The rebalancing tool breaks its work into three phases:
  1. The rack-aware rebalancer tries to establish the placement policy. Use the ‑‑disable_policy_fixer flag to skip this phase.
  2. The rebalancer tries to balance load by location, moving tablet replicas between locations in an attempt to spread tablet replicas among locations evenly. The load of a location is measured as the total number of replicas in the location divided by the number of tablet servers in the location. Use the ‑‑disable_cross_location_rebalancing flag to skip this phase.
  3. The rebalancer tries to balance the tablet replica distribution within each location, as if the location were a cluster on its own. Use the ‑‑disable_intra_location_rebalancing flag to skip this phase.

By using the ‑‑report_only flag, it’s also possible to check if all tablets in the cluster conform to the placement policy without attempting any replica movement.

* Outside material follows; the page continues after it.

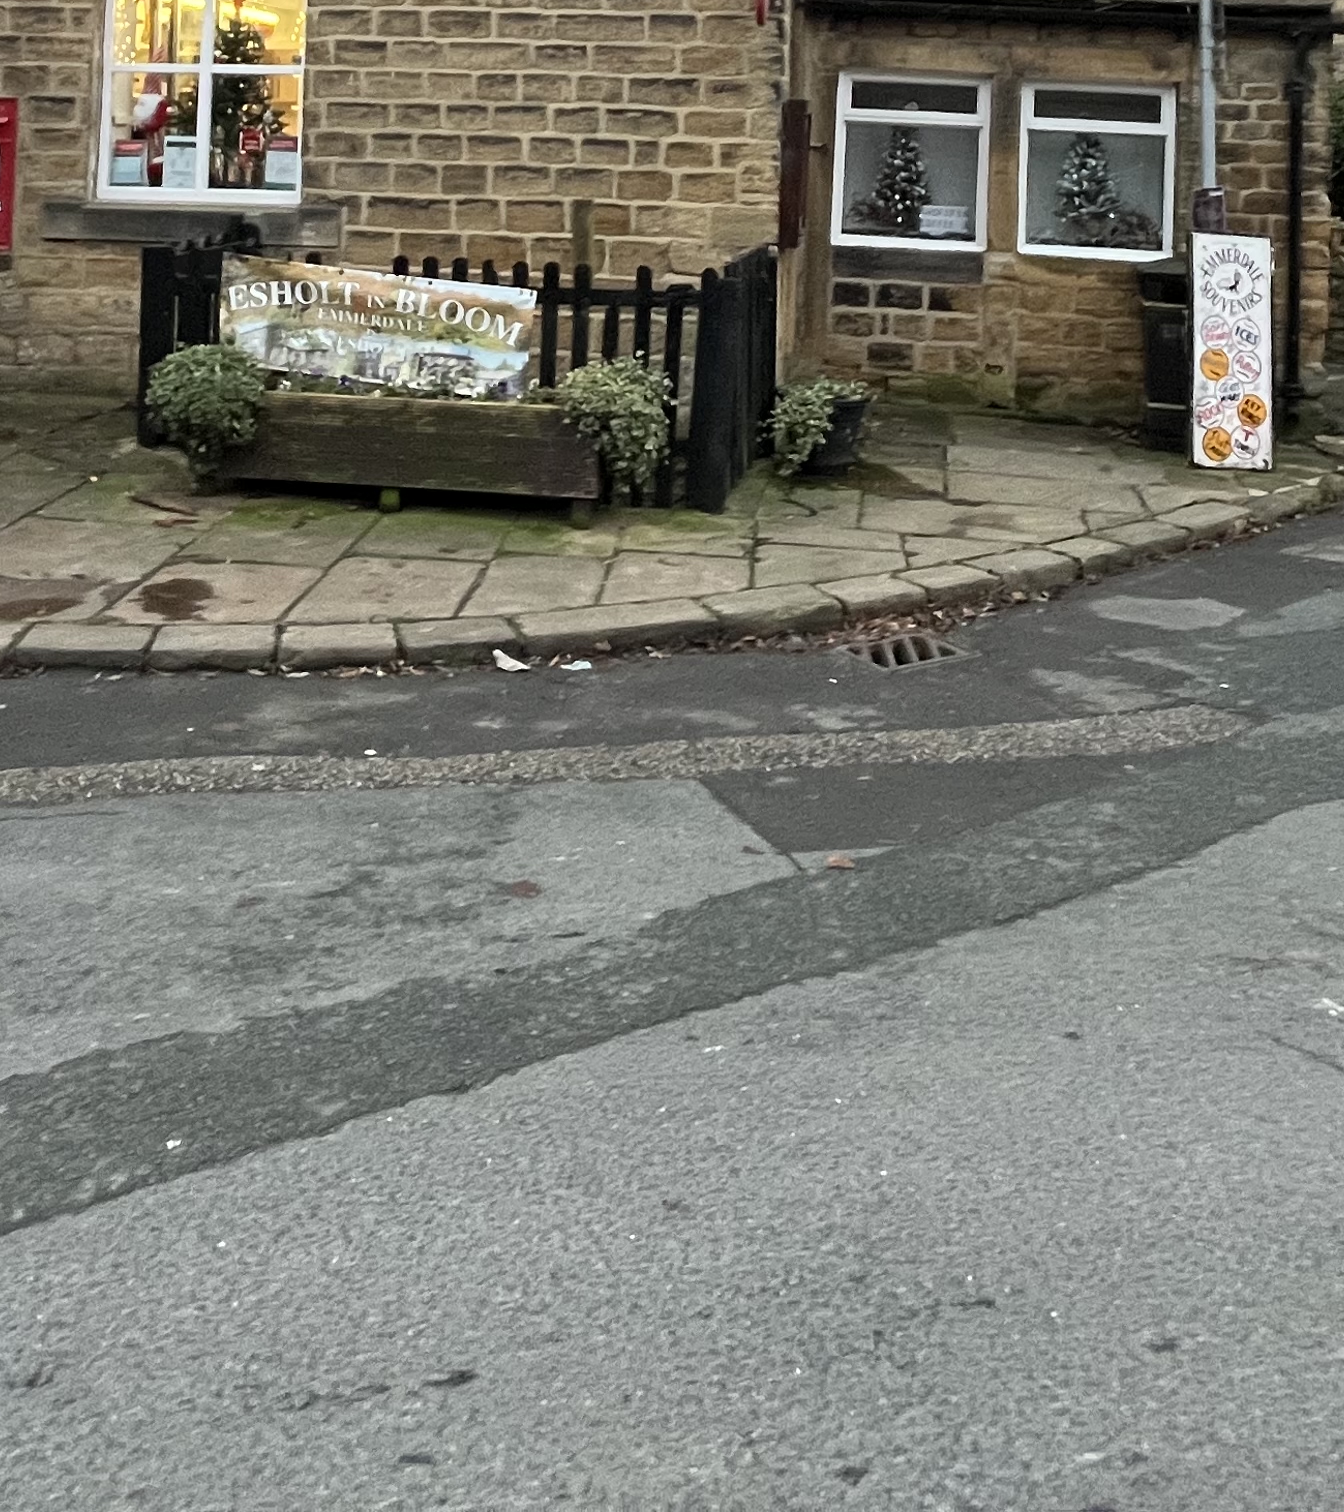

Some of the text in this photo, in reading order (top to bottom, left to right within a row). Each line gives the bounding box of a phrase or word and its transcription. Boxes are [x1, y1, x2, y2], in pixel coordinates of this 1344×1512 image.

Example of rebalancing tool with rack awareness functionality

The behavior of each of these flags is explained through the following examples.

Consider three locations and three tablets (a total of 9 replicas) while running the tool with the flags below (placement policy fixer):
--disable_cross_location_rebalancing --disable_intra_location_rebalancing

Before running the tool:

Location A Location B Location C
Replica X Replica Y Replica Z
Replica X Replica Y Replica Z
Replica X Replica Y Replica Z

After running the tool with the flags:

Location A Location B Location C
Replica X Replica X Replica X
Replica Y Replica Y Replica Y
Replica Z Replica Z Replica Z

The replicas of every tablet are now distributed across all three locations.

Consider the following tablet distribution and run the tool with the flags below (cross-location rebalancing):
--disable_policy_fixer --disable_intra_location_rebalancing

Before running the tool:

Location Number of replicas across all tables in the location
A (5 tablet servers) 15
B (5 tablet servers) 18
C (5 tablet servers) 21

After running the tool with the flags:

Location Number of replicas across all tables in the location
A (5 tablet servers) 21
B (5 tablet servers) 21
C (5 tablet servers) 21

The number of replicas in each of the locations is now equal.

Let’s analyze Location A before and after using the tool with the flags (intra-location rebalancing):

--disable_policy_fixer --disable_cross_location_rebalancing

Before running the tool:

Tablet server (TS) Number of replicas across all tables in the server
TS_1 3
TS_2 5
TS_3 8
TS_4 4
TS_5 1

After running the tool with the flags:

Tablet server (TS) Number of replicas across all tables in the server
TS_1 4
TS_2 5
TS_3 4
TS_4 4
TS_5 4

The number of replicas in each tablet server is now balanced.